For more than two hundred years, while the Tokugawa shoguns kept Japan sealed from the outside world, the country developed a clockmaking tradition that had no parallel anywhere on earth. European mechanical clocks had arrived with Portuguese missionaries in the 1500s, but once Japan closed its doors, its craftsmen adapted those mechanisms to something entirely their own: clocks that divided the day not into equal hours but into shifting periods that expanded and contracted with the seasons, matching the ancient Japanese system where daylight and darkness were each split into six segments regardless of the time of year. These were the daimyo clocks -- named for the feudal lords who commissioned them -- and by the time Japan reopened in the 1850s, they were already vanishing. Today, roughly fifty of them sit in a single room in Tokyo's Yanaka neighborhood, gathered there by a man whose friends called him Guro.
Sakujiro Kamiguchi was born in 1892 and ran a business that was itself a curiosity: a log cabin shop in Tokyo that sold Western clothing. The shop earned the local nickname Grotesque -- shortened, inevitably, to Guro, which stuck to Kamiguchi himself for the rest of his life. He was a man of many enthusiasms, including pottery, but his life's obsession began the day he discovered an English-made watch with an attached sundial in a local shop. That chance encounter opened his eyes to the daimyo clocks, and he recognized something that few of his contemporaries had grasped: these timepieces represented a uniquely Japanese art form, created precisely because the country's isolation forced its craftsmen to innovate rather than imitate. Kamiguchi spent decades tracking down and acquiring clocks from daimyo families, eventually amassing a collection of some two hundred pieces.
Kamiguchi understood the urgency of his mission in blunt terms. Foreign collectors had recognized the cultural importance of Japanese clocks long before most Japanese scholars had, and the clocks were being bought at cut-rate prices and shipped out of the country. Kamiguchi warned that it would not be long before a Japanese researcher wanting to study the development of these clocks would be "reduced to visiting foreign collections." He drew an explicit comparison to ukiyo-e woodblock prints, another Japanese art form whose significance was first appreciated abroad. The Great Kanto Earthquake of 1923 had accelerated the dispersal, destroying collections and sending surviving pieces onto a desperate market. Each clock Kamiguchi saved was a small act of cultural preservation, pulling a piece of Japanese ingenuity back from the edge of permanent export.

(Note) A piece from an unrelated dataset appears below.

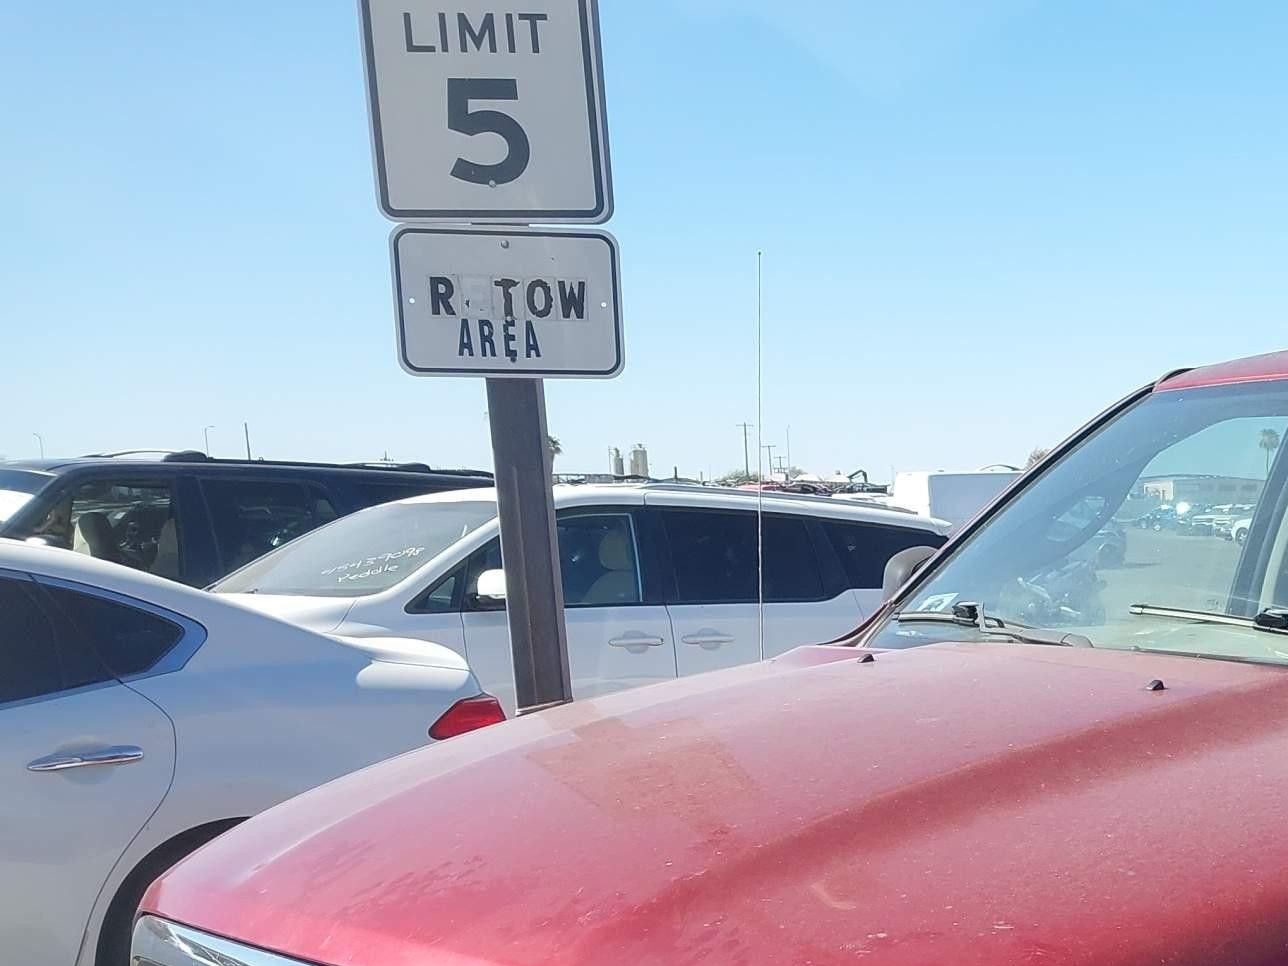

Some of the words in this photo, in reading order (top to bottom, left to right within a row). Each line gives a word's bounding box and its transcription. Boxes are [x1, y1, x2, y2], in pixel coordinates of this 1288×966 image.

The clocks themselves are mechanical marvels adapted to a timekeeping system that most modern visitors find bewildering. In the traditional Japanese system, daylight was divided into six equal periods and nighttime into six more -- but because the length of day and night changes with the seasons, each period's duration shifted throughout the year. A summer daylight hour was far longer than a winter one. The daimyo clock mechanisms had to accommodate this constantly changing relationship, a technical challenge that European clockmakers never faced. The museum's collection includes mechanical clocks with adjustable mechanisms, sundials, and incense clocks -- devices that measured time by the rate at which a stick of incense burned, often along a calibrated path. These were the timepieces of the ruling class, commissioned by feudal lords whose wealth and status made them patrons of Japan's finest craftsmen. When the Meiji government adopted Western timekeeping in 1873, the daimyo clocks became obsolete overnight.
Kamiguchi died in 1970, and in 1972 the museum was established to display his collection. It occupies a single room of 83 square meters in Yanaka, one of Tokyo's most atmospheric old neighborhoods -- a district of temples, small cemeteries, and narrow lanes that largely escaped both the 1923 earthquake and the wartime firebombing. About fifty pieces from the full collection of two hundred are displayed at any given time. Photography is not permitted, which lends the visit an attentive, almost reverent quality; you must look carefully, because you cannot take the images with you. The nearest metro station is Nezu on the Chiyoda Line, and Nippori Station on the JR lines is also within walking distance. The museum is community-run and small enough to feel personal, a quality that suits a collection born not from institutional mandate but from one eccentric collector's determination to keep a vanishing tradition from disappearing entirely.
Located at 35.721N, 139.766E in Tokyo's Taito ward, in the historic Yanaka neighborhood adjacent to Yanaka Cemetery. The area's low-rise traditional character contrasts with surrounding modern development and is visible from altitude as a zone of dense, small-scale buildings and temple grounds. Nearest major airport is Tokyo Haneda (RJTT), approximately 14 nautical miles south. Tokyo Narita (RJAA) lies about 36 nautical miles east-northeast. Nezu Station on the Chiyoda Line and Nippori Station on JR lines are the closest transit stops. Best viewed at 3,000-5,000 feet AGL where the Yanaka neighborhood's distinctive character and nearby Ueno Park provide orientation.